• **Dataset items**:
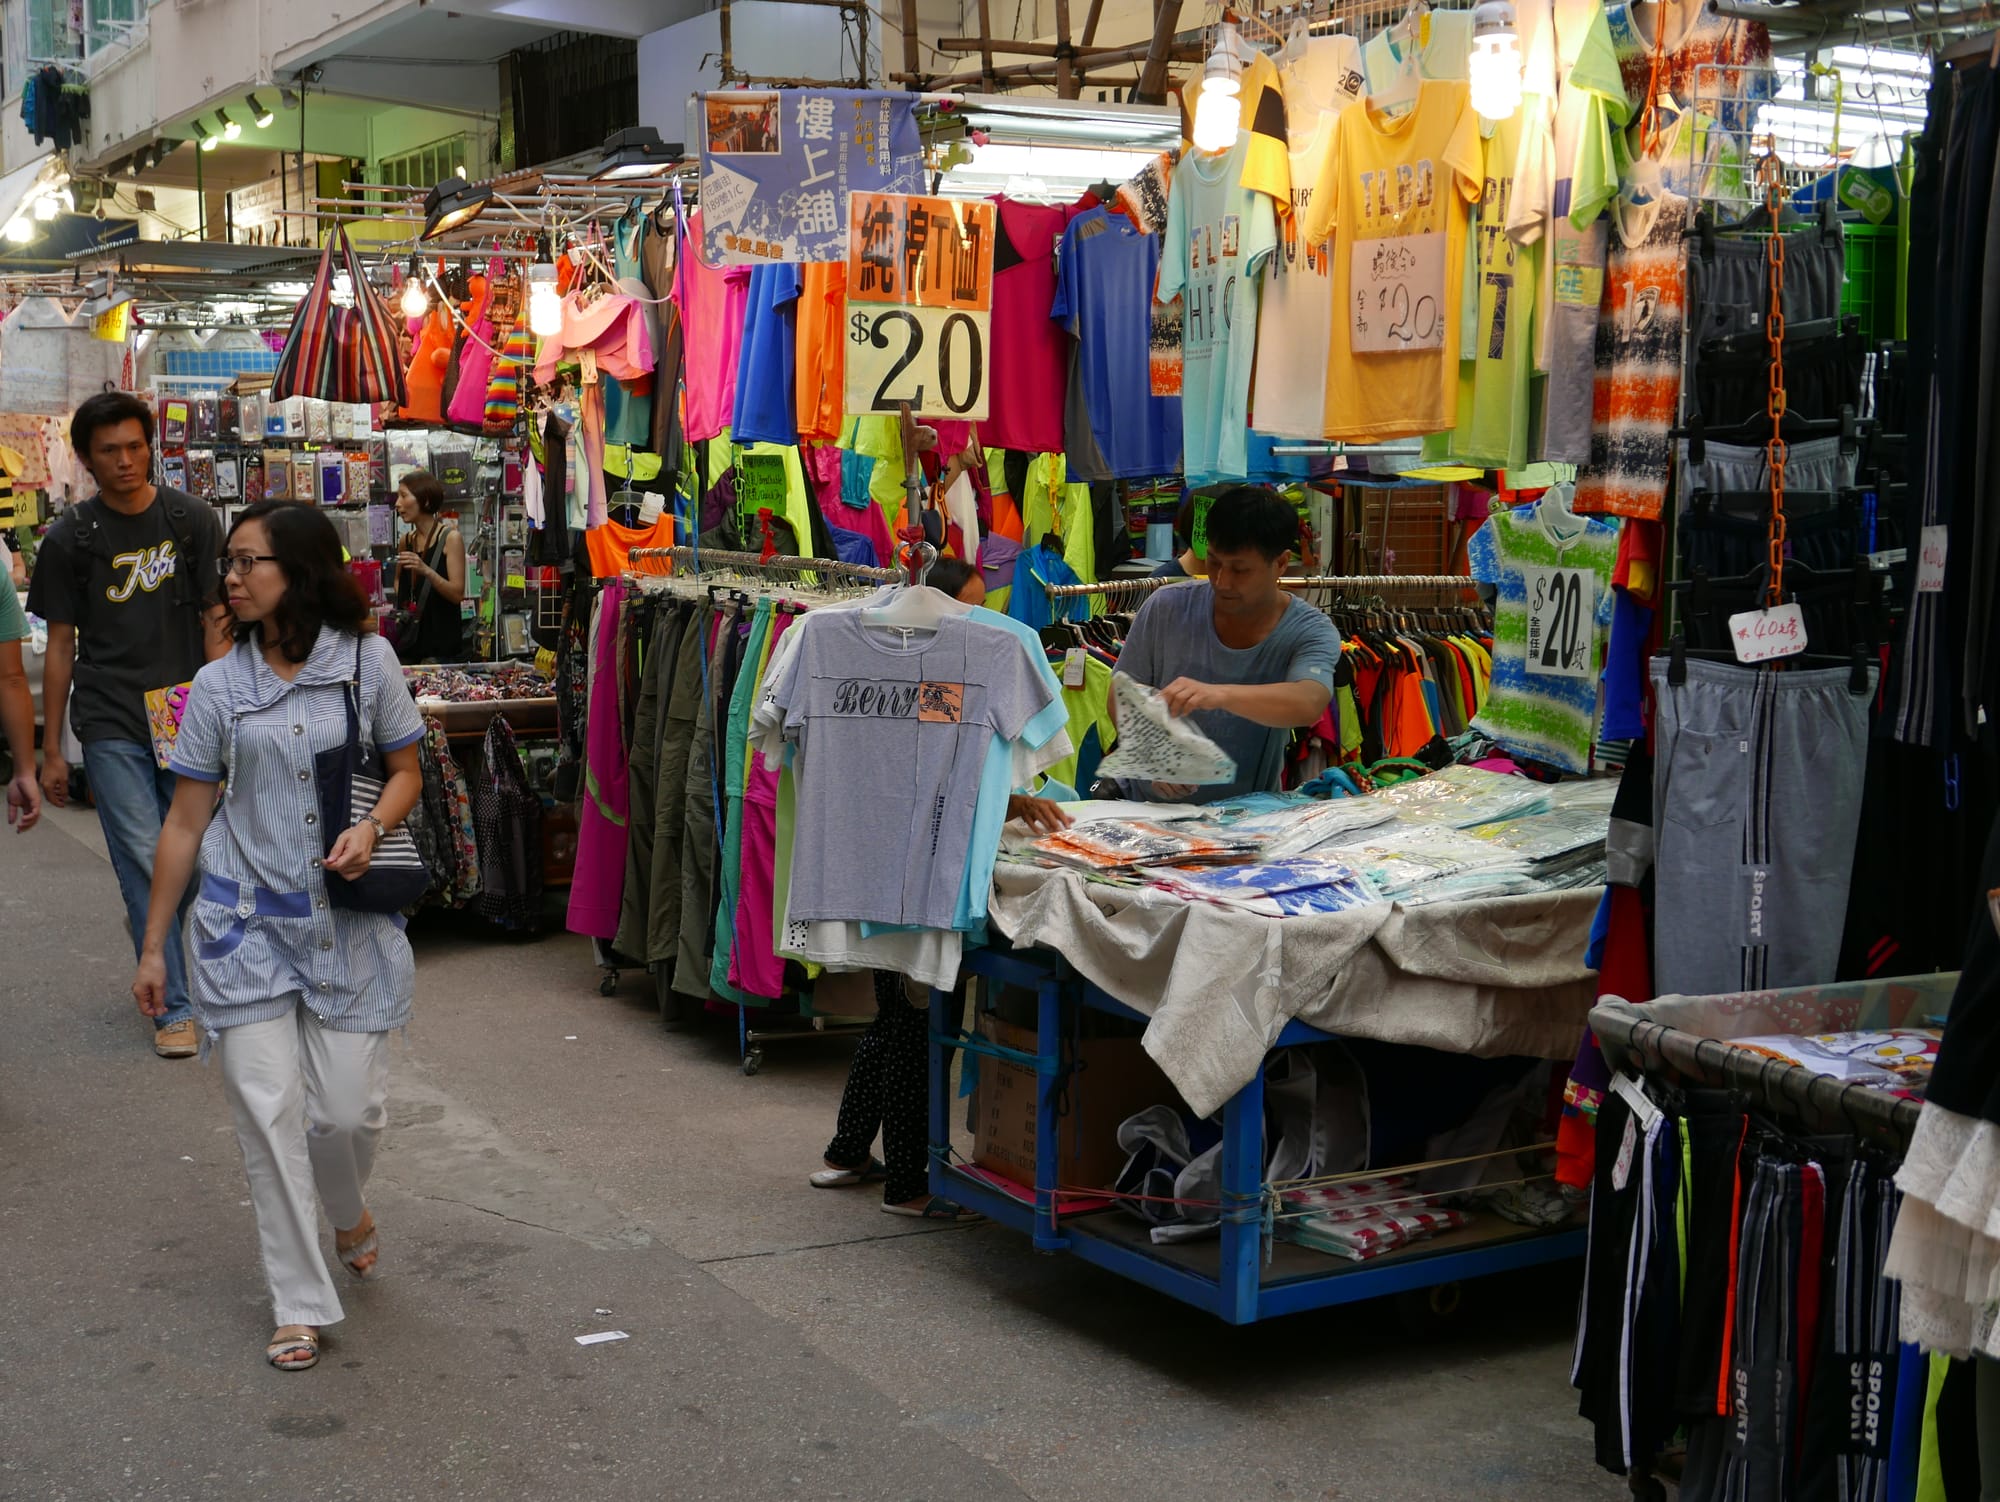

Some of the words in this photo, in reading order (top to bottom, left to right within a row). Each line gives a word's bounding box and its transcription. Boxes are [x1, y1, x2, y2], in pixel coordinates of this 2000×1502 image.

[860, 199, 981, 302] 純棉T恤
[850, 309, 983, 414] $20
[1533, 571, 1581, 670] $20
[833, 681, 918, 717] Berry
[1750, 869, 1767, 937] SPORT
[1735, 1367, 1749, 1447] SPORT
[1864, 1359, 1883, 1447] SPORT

• **WHAT THE TASK ASKS**: Please ensure that the data above is repeated exactly, with no pictures in the copy.

• **ANSWER AREA**:
Some of the words in this photo, in reading order (top to bottom, left to right within a row). Each line gives a word's bounding box and its transcription. Boxes are [x1, y1, x2, y2], in pixel coordinates of this 2000×1502 image.

[860, 199, 981, 302] 純棉T恤
[850, 309, 983, 414] $20
[1533, 571, 1581, 670] $20
[833, 681, 918, 717] Berry
[1750, 869, 1767, 937] SPORT
[1735, 1367, 1749, 1447] SPORT
[1864, 1359, 1883, 1447] SPORT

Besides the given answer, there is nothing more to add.